Al Qaeda flag over the Benghazi Courthouse after the kinetic action by the president
Our government has told us that the war on terror is over. The death of Osama bin Laden and the damage done to Al Qaeda have eliminated any possibility of future attacks. Here is the announcement by the Department of State last week:
“The war on terror is over.”
“Now that we have killed most of al Qaida,” the source said, “now that people have come to see legitimate means of expression, people who once might have gone into al Qaida see an opportunity for a legitimate Islamism.”
In fact, this news has emboldened the president to make this a campaign issue as the first anniversary of bin Laden’s death approaches on Wednesday, May 2. But the consequences of the president’s narcissism are impacting the Middle East as Al Qaeda seizes control of the rebel factions in Iraq and Syria. It seems like just yesterday that a peace accord was signed between Syria’s president Assad and the US endorsed Muslim Brotherhood rebels.
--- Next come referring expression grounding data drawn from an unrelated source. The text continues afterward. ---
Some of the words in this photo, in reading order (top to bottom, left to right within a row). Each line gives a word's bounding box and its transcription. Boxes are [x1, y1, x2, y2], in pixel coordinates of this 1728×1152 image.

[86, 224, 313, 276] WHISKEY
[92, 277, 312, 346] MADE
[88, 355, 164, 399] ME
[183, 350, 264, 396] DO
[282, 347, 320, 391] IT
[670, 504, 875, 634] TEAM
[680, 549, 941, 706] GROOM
Are the rebels in Syria actually part of the Muslim Brotherhood which has the blessing of this administration in its efforts to establish a new Muslim Caliphate? Or is the Muslim Brotherhood a front for Al Qaeda as we saw in Libya? And who is the president a front for? One thing is certain, he is an affront to our nation’s future.
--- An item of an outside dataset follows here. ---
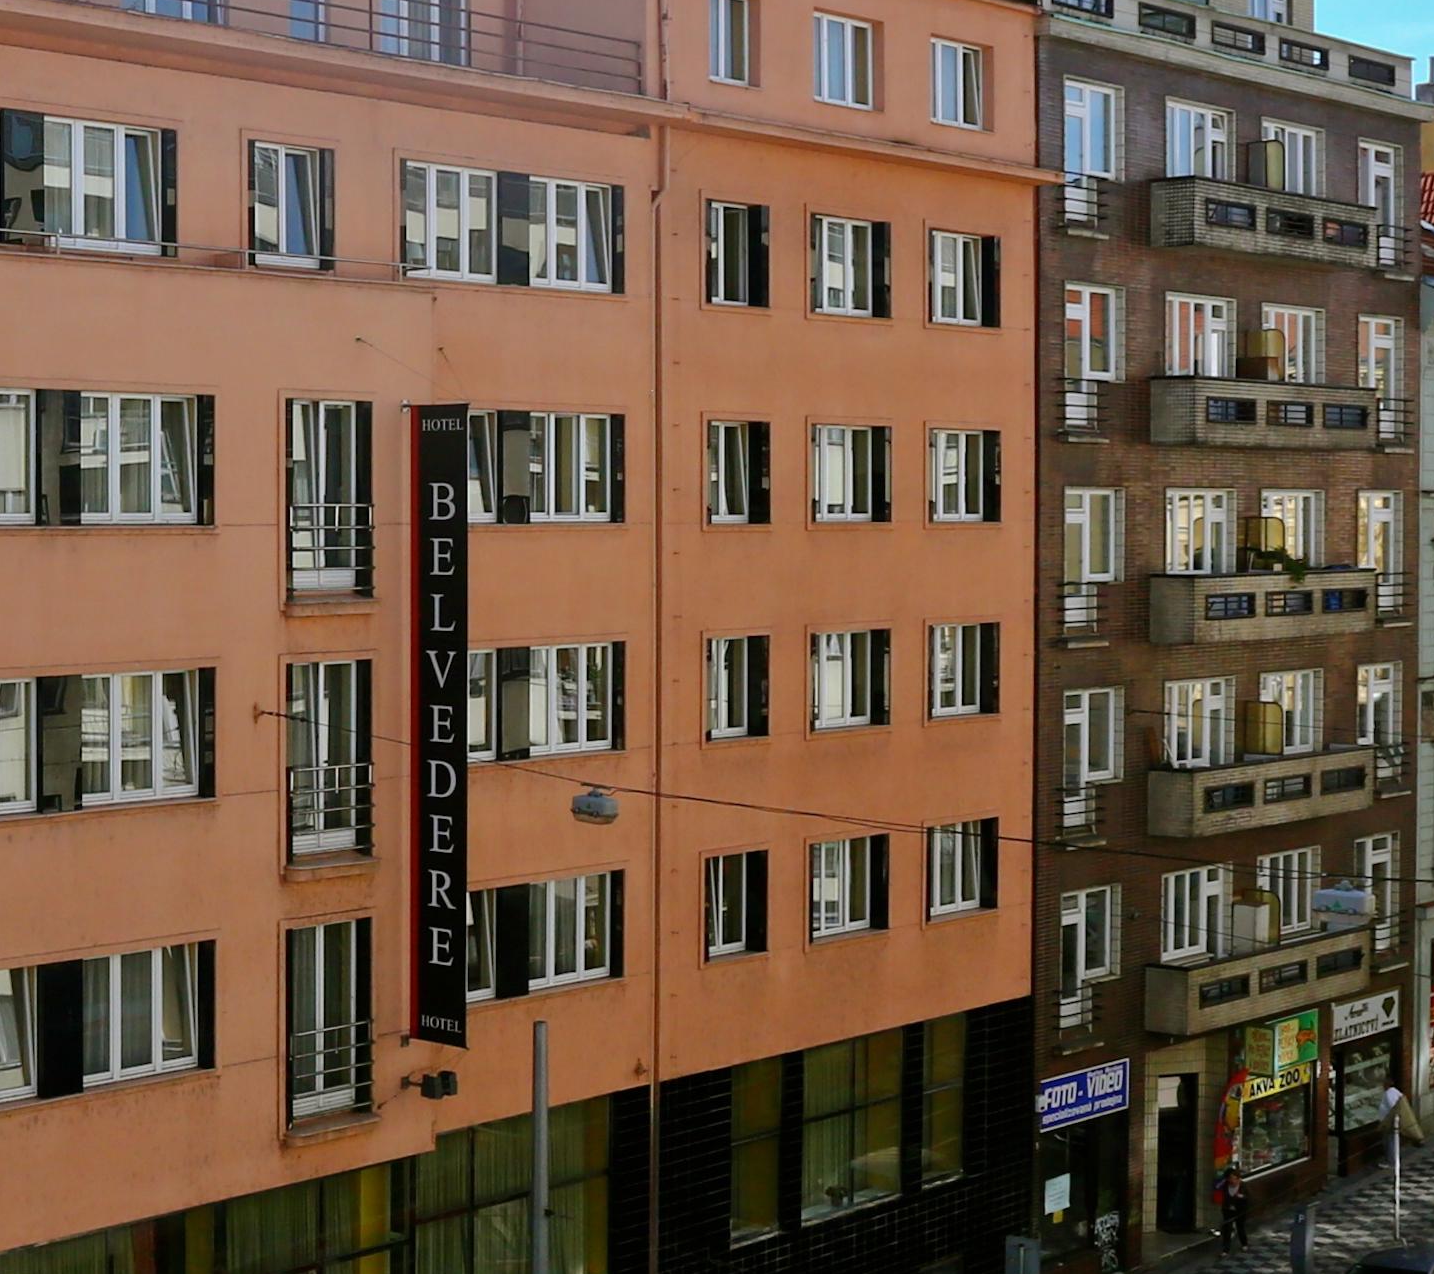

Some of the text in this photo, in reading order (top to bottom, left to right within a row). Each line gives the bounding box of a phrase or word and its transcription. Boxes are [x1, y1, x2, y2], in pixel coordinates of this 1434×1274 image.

The war in the Middle East is ramping up quickly: let’s hope that America chooses wisely.
Around the first anniversary of the death of al Qaeda’s iconic leader Osama bin Laden at the hands of US special forces, the jihadist movement is making an operational comback in the Arab world and Africa. The suicide bombings hitting Damascus and Idlib in the last 24 hours were the work of Al Qaeda in Iraq – AQI, whose operatives have been pouring into Syria in the last two weeks, DEBKAfile’s counter-terror sources report.
Washington has not asked Iraqi premier Nouri al-Maliki to stem the outward flow, realizing he is glad to see the backs of the terrorists and waving them across the border into Syria. Our sources report from Western agencies fighting al Qaeda that several thousand operatives have arrived in Syria to fight the Assad regime, most entering the country from the north. They come fully armed with quantities of explosives. Among them are hundreds of Saudis, Egyptians, Lebanese, Palestinians, Iraqis and Sudanese.
They quickly join up with the hundreds of al Qaeda fighters from Libya present at Free Syrian Army-FSA training camps in southeast Turkey. There, they are instructed in the geography of Syrian government, army and security forces locations, led across the border and transported to their targeted locations by special guides.
Monday, April 30, the day after Norwegian Maj. Gen. Robert Hood took command of a painfully inadequate force of UN UN truce supervisors, al Qaeda let loose with a spate of bombings in Damascus and the northeastern flashpoint town of Idlib. I
In the capital, they bombed the Syrian central bank with RPG grenades, ambushed a police patrol in the town center and blew up a bomb car against a Syrian military convoy driving through the Qudsiya district. Two days earlier, a suicide bomber blew himself up at the Zain al-Abideen mosque of Damascus, killing at least 9 worshippers.
These attacks were followed later Monday with three bomb blasts in Idlib at security and intelligence centers in the town, killing some 20 people, most of them security personnel. One command center was destroyed and hundreds were injured by the force of the blasts.
The Syrian ruler Bashar Assad keeps on complaining that his regime is under assault by terrorists and many of the fatalities reported are members of his army and police. But his own brutal methods against dissidents have deafened the West to these complaints and the world addresses its demands to halt the violence to him and him alone.